Is this the last stand for St. Marys Paper?
After emerging from bankruptcy protection in 2007, the century-old Sault Ste. Marie glossy paper maker is in trouble again.
The company was placed into receivership in an Ontario Superior of Justice, Dec. 29. Ernst & Young was appointed the receiver.
The petitioner was International Forest Products, a Massachusetts-based forest products trader, that signed a multi-year marketing and logistics deal with St. Marys in late 2010 to serve as the exclusive sales agent for the Sault mill's product.
The mill has been closed since April of last year, affecting an estimated 300 employees.
Troubled times and shutdowns have been nothing new in the history of the 117-year-old operation, the city's oldest industry and one of its largest private employers.
As a producer of super calendar paper, used for glossy magazines, catalogues and flyers, the mill has gone through numerous stoppages and restarts over the years.
Management told employees last spring that repairs were being made to its No. 5 paper machine, and further efforts were being made to recapitalize the operation as well as search for a financing partner to construct a much-needed co-generation plant.

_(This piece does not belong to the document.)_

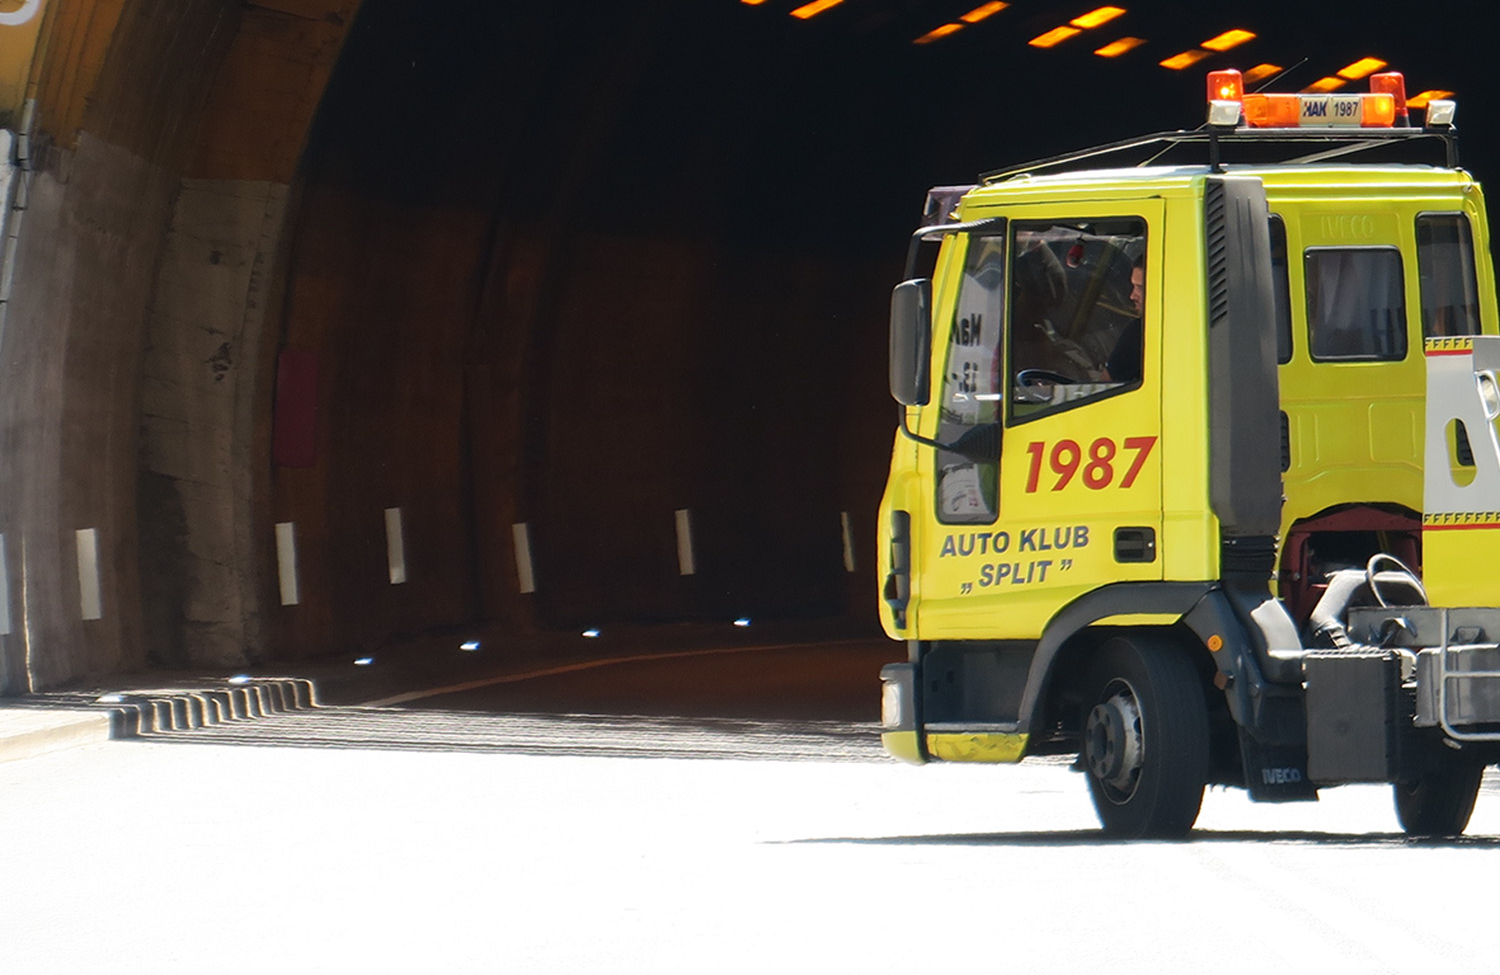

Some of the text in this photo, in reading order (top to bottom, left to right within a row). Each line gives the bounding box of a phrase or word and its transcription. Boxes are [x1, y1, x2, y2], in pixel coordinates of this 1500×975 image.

[1303, 102, 1358, 117] HAK 1987
[1025, 436, 1158, 493] 1987
[939, 526, 1090, 557] AUTO KLUB
[1262, 768, 1302, 784] IVECO

Plans for a July restart never materialized amidst local media reports that the order book had dried up. Customers had gone elsewhere during the mill's downtime. There has been no activity on the property since.
The company has traditionally been reliant on orders from big U.S. publishers and retailers, particularly leading into the Christmas shopping months, and had been trying to break into new markets.
In 2007, the bankrupt company was purchased from Belgravia Investments by a group of local investors, led by lawyer Gord Acton.
Since the ownership change, the operation has been propped up by the Ontario government with more than $25 million in aid, starting with a $17-million loan coinciding with the mill's restructuring and restart, and in October 2010 with an $8.8 million loan to again fire up the paper machines.
Sault MPP David Orazietti announced a 10-year power purchase agreement in November 2010 to enable St. Marys to build a $175-million biomass-fuelled, co-generation plant to generate power for the mill with the excess sold into the provincial electricity grid.